2. Title 79A is not unconstitutional as violating the provisions of Art. III, Sec. VII, Par. VIII of the Constitution of 1945 (Code Ann. § 2-1908), which prohibits the inclusion of more than one subject matter in any Act of the General Assembly. The Act under attack codifies in one title of the Code of 1933 as amended, the laws relating to "Pharmacists, Pharmacy and *247 Drugs," and includes twelve chapters all dealing with drugs, poisons, cosmetics, etc., the persons authorized to manufacture, sell and possess the same, and the crimes and punishment for the illegal manufacture, sale, possession, etc., of the same. It cannot be said that the subject matter of such Act offends the constitutional provision limiting Acts of the General Assembly to one subject matter. See Crews v. Cook, 220 Ga. 479 (139 SE2d 490).

3. Certain of the prisoner's enumerations of error complained of the rule-making authority given the State Board of Pharmacy in such Act. The prisoner was not convicted of violating any "rule" of the State Board of Pharmacy adopted pursuant to such Act but was convicted of selling and possessing a named drug under conditions prohibited by the Act. Assuming, but not deciding, that the rule-making authority granted the State Board of Pharmacy by such Act offends the constitutional prohibitions relied upon by the prisoner, inasmuch as he was not charged with violating any such rule he is in no position to complain of such authority. "Before a statute can be attacked by anyone on the ground of its unconstitutionality, he must show that its enforcement is an infringement upon his right of person or property, and that such infringement results from the unconstitutional feature of the statute upon which he bases his attack. Reid v. Mayor &c. of Eatonton, 80 Ga. 755 (6 SE 602); Plumb v. Christie, 103 Ga. 686 (30 SE 759, 42 LRA 181); Wallace v. City of Atlanta, 200 Ga. 749 (38 SE2d 596); Villyard v. Regents of University System of Ga., 204 Ga. 517 (50 SE2d 313); West v. Housing Authority of Atlanta, 211 Ga. 133, 136 (84 SE2d 30); Southern R. Co. v. King, 217 U. S. 524, 534 (30 SC 594, 54 LE 868); Plymouth Coal Co. v. Pennsylvania, 232 U. S. 531 (34 SC 359, 58 LE 713). He must show that the alleged unconstitutional feature of the statute injures him, and so operates as to deprive him of rights protected by the Constitution of this State or by the Constitution of the United States, or by both." South Ga. Natural Gas. Co. v. Ga. Public Service Commission, 214 Ga. 174 (104 SE2d 97).

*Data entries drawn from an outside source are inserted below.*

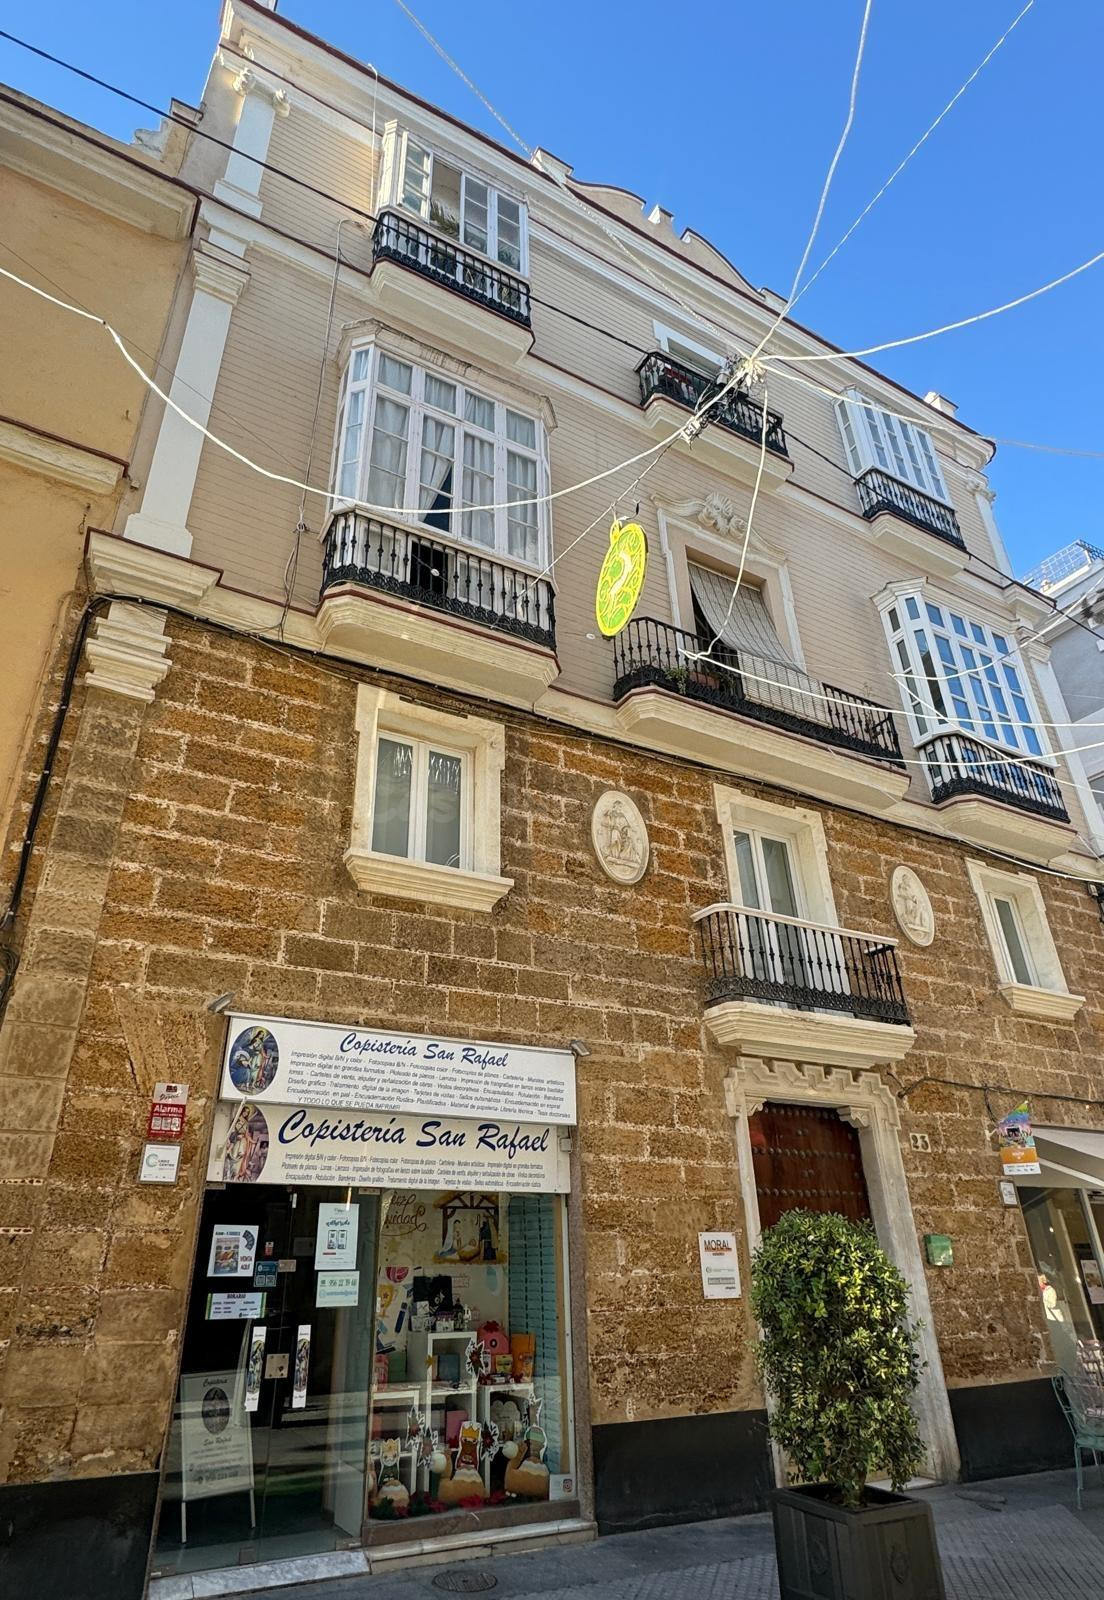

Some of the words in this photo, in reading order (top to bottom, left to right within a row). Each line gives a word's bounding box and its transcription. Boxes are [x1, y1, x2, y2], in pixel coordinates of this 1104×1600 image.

[340, 1032, 417, 1056] Copistería
[423, 1043, 455, 1061] San
[461, 1047, 509, 1070] Rafael
[154, 1104, 183, 1114] Alarma
[278, 1109, 407, 1148] Copistería
[416, 1120, 466, 1147] San
[477, 1123, 551, 1159] Rafael
[703, 1239, 732, 1251] MORAL

4. The remaining enumeration of error complains of the alleged unconstitutionality of Code Ann. § 79A-906 (b) which relieves the State Board of Pharmacy from reporting for the institution of proceedings under the Act minor violations of the Act *248 where such board believes that the public interest will be adequately served by a suitable written notice or warning.

The gist of such complaint is that such authority granted by the General Assembly is a violation of the separation of powers provisions of the Constitution of Georgia, Art. I, Sec. 1, Par. XXIII (Code Ann. § 2-123), the due process clause of the Constitution, Art. I, Sec. I, Par. III (Code Ann. § 2-103), and the equal protection provision of the Fourteenth Amendment to the United States Constitution (Code § 1-815).

Assuming, but not deciding, that the Code section giving the State Board of Pharmacy a discretion in determining when a violation is "minor" and whether it will report violations for prosecution is unconstitutional as conflicting with one or more of the constitutional provisions relied upon, it necessarily follows that in the absence of a showing that the authority thus granted has been exercised by the State Board of Pharmacy so as to cause to prisoner to have suffered a denial of equal protection of law, he is not in a position to complain of such legislation.

The trial court did not err in remanding the prisoner to custody.

Judgment affirmed. All the Justices concur, except Duckworth, C. J., who dissents from Headnote 3 and from the judgment of affirmance.

DUCKWORTH, Chief Justice, dissenting.

I dissent from Headnote 3 upon the grounds that the statute attacked denies equal protection as guaranteed by the State and Federal Constitutions.